Willard L. Proctor

Personal information
- Born: December 11, 1915 Lampasas, Texas
- Died: October 30, 1998 (aged 82) Arcadia, California
- Resting place: Sunset Memorial Park, Gilmer, Texas
- Occupation: Trainer

Horse racing career
- Sport: Horse racing
- Career wins: 1,109

Major racing wins
- Fayette Stakes (1964) Demoiselle Stakes (1966) Round Table Handicap (1966) Royal Palm Handicap (1966) Santa Barbara Handicap (1972) Santa Paula Stakes (1972) Vanity Invitational Handicap (1972, 1973) Del Mar Derby (1973) Santa Maria Handicap (1974) Baldwin Stakes (1975) Chula Vista Handicap (1976, 1977) San Carlos Handicap (1977) San Pasqual Handicap (1977) Santa Ysabel Stakes (1978) Autumn Days Handicap (1979) Del Mar Debutante Stakes (1979) Del Mar Futurity (1979) Monrovia Handicap (1979) Norfolk Stakes (1979) Speakeasy Stakes (1979) Santa Ynez Stakes (1980) San Diego Handicap (1981) El Encino Stakes (1982,1984) La Brea Stakes (1983, 1994) Providencia Stakes (1985) Santa Margarita Invitational Handicap (1985) Santa Monica Stakes (1985) Balboa Stakes (1985) Malibu Stakes (1992) Los Angeles Handicap (1993) Railbird Stakes (1993) Palos Verdes Handicap (1994) Triple Bend Invitational Handicap (1995) Lady's Secret Stakes (1996)

Honours
- Texas Horse Racing Hall of Fame (2003) Willard L. Proctor Memorial Stakes at Hollywood Park

Significant horses
- Convenience, Gallant Romeo

= Willard L. Proctor =

Williard Lee Proctor (December 11, 1915 – October 30, 1998) was an American Thoroughbred racehorse trainer. A longtime trainer in California, he began his career as a jockey at bush tracks in Texas and Louisiana. After his riding days were over he turned to training, moving to California in 1955. From then through to his retirement in 1996 he conditioned 58 stakes winners.

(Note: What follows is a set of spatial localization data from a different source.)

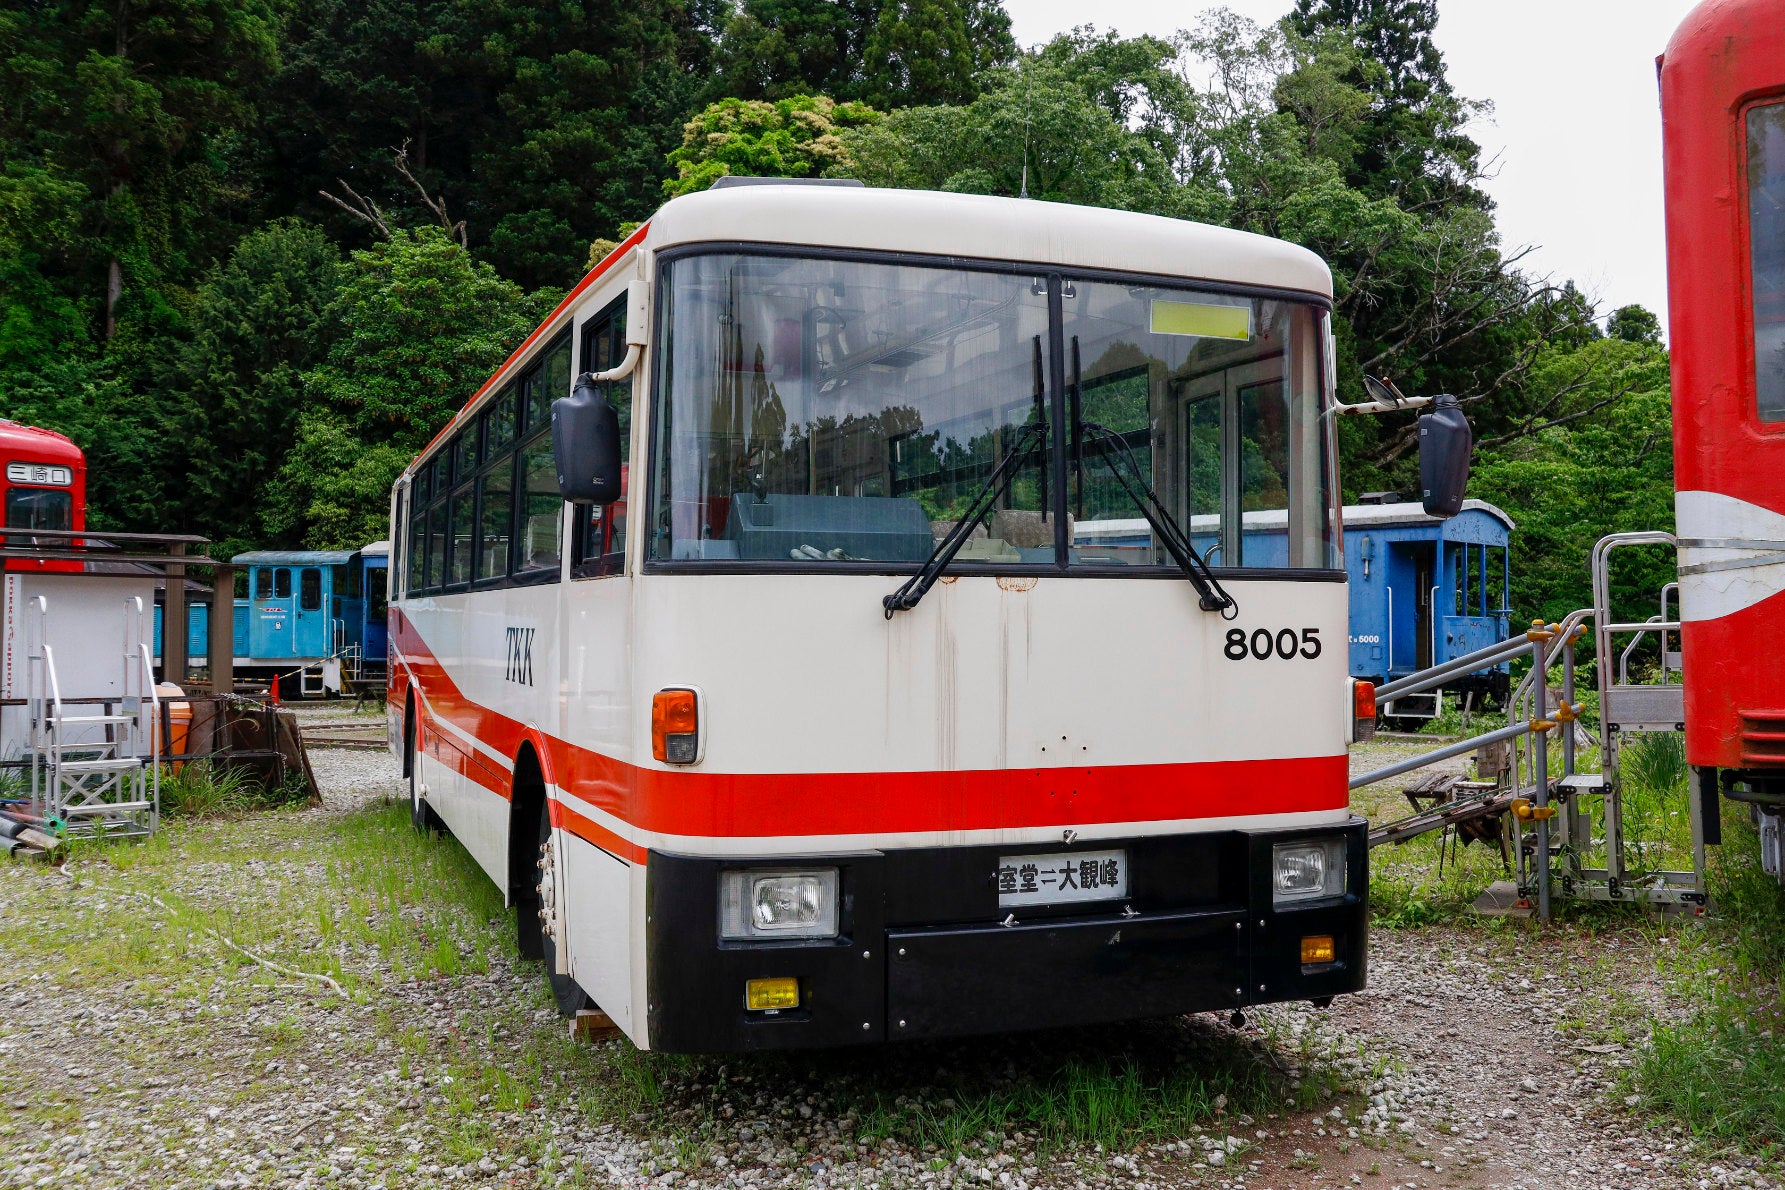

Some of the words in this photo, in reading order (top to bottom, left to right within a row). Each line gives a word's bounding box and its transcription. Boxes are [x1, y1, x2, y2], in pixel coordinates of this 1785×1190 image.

[10, 465, 66, 483] 三崎口
[506, 627, 535, 687] TKK
[1224, 628, 1322, 661] 8005
[999, 864, 1039, 894] 室堂
[1059, 859, 1119, 891] 大観峰

A 2003 inductee in the Texas Horse Racing Hall of Fame, the Willard L. Proctor Memorial Stakes at Hollywood Park is named in his honor. His son Tom is a trainer.

In 1972, Convenience, trained by Willard Proctor, defeated Typecast in a $250,000 winner-take-all match race in front of 53,575 fans at Hollywood Park.